[Stored records]
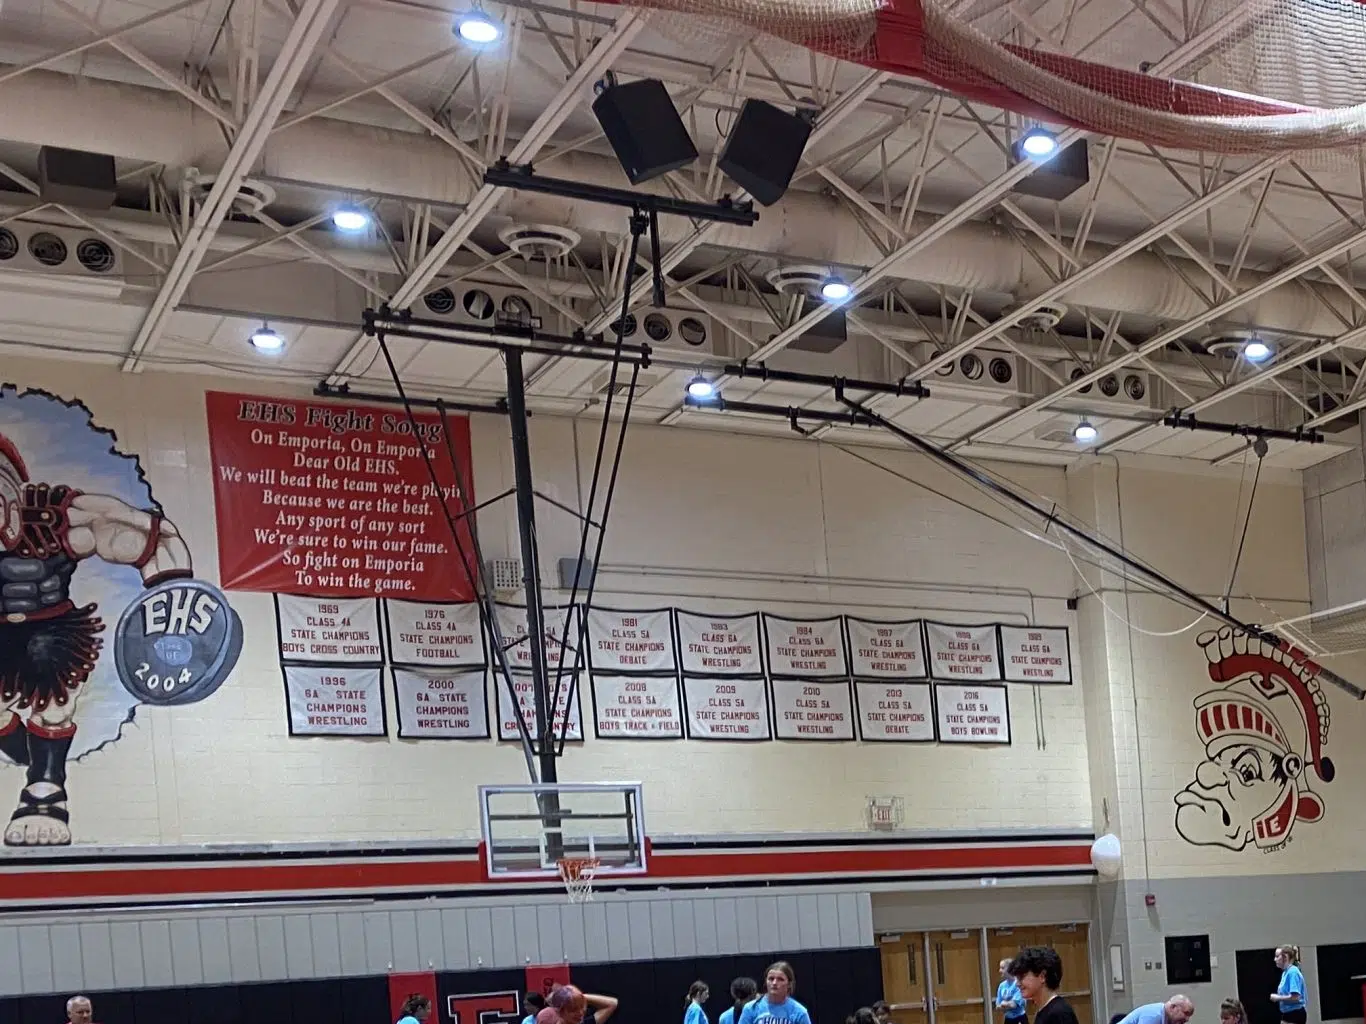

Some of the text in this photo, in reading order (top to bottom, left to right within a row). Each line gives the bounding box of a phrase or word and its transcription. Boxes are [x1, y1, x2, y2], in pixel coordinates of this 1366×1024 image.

[237, 400, 443, 444] EHS Fight Song
[251, 428, 372, 458] On Emporia, On
[294, 452, 400, 476] Dear Old EHS.
[219, 466, 418, 495] We will beat the team we're
[263, 489, 433, 516] Because we are the best.
[275, 510, 425, 536] Any sport of any sort
[254, 528, 448, 557] We're sure to win our fame.
[282, 550, 424, 575] So fight on Emporia
[295, 570, 416, 593] To win the game.
[142, 588, 219, 636] EHS
[318, 604, 339, 614] 1969
[425, 609, 445, 619] 1976
[306, 616, 335, 627] CLASS
[415, 621, 457, 631] CLASS 4A
[291, 629, 370, 641] STATE CHAMPIONS
[400, 633, 474, 645] STATE CHAMPIONS
[612, 629, 636, 639] CLASS
[701, 633, 724, 643] CLASS
[598, 640, 665, 652] STATE CHAMPIONS
[788, 636, 811, 646] CLASS
[870, 639, 892, 648] CLASS
[948, 641, 969, 651] CLASS
[282, 642, 380, 656] BOYS CROSS COUNTRY
[416, 648, 460, 659] FOOTBALL
[688, 644, 752, 655] STATE CHAMPIONS
[777, 647, 836, 658] STATE CHAMPIONS
[1021, 644, 1040, 654] CLASS
[858, 649, 916, 660] STATE CHAMPIONS
[936, 652, 993, 663] STATE CHAMPIONS
[620, 656, 647, 665] DEBATE
[702, 658, 741, 667] WRESTLING
[790, 661, 827, 670] WRESTLING
[1011, 655, 1062, 666] STATE CHAMPIONS
[871, 662, 907, 672] WRESTLING
[948, 665, 983, 675] WRESTLING
[134, 662, 192, 692] 2004
[1022, 669, 1054, 678] WRESTLING
[320, 676, 346, 686] 1996
[428, 680, 454, 689] 2000
[305, 689, 366, 699] 6A STATE
[715, 684, 736, 694] 2009
[803, 686, 821, 696] 2010
[886, 689, 903, 698] 2013
[416, 693, 467, 702] 6A STATE
[618, 695, 642, 705] CLASS
[964, 691, 979, 700] 2016
[708, 698, 731, 707] CLASS
[796, 698, 818, 708] CLASS
[878, 701, 900, 710] CLASS
[956, 703, 977, 712] CLASS
[306, 703, 367, 713] CHAMPIONS
[416, 706, 469, 715] CHAMPIONS
[605, 708, 672, 718] STATE CHAMPIONS
[307, 715, 368, 726] WRESTLING
[696, 711, 760, 721] STATE CHAMPIONS
[784, 711, 844, 722] STATE CHAMPIONS
[867, 712, 925, 722] STATE CHAMPIONS
[946, 715, 1001, 725] STATE CHAMPIONS
[417, 719, 470, 729] WRESTLING
[600, 721, 679, 731] BOYS TRACK FIELD
[709, 724, 749, 734] WRESTLING
[797, 725, 834, 734] WRESTLING
[885, 726, 910, 735] DEBATE
[950, 727, 998, 737] BOYS BOWLING

### YOUR OBJECTIVE:
Which lines above include "DEBATE"? Show each of them by copying it.

### WRITTEN RESPONSE:
[620, 656, 647, 665] DEBATE
[885, 726, 910, 735] DEBATE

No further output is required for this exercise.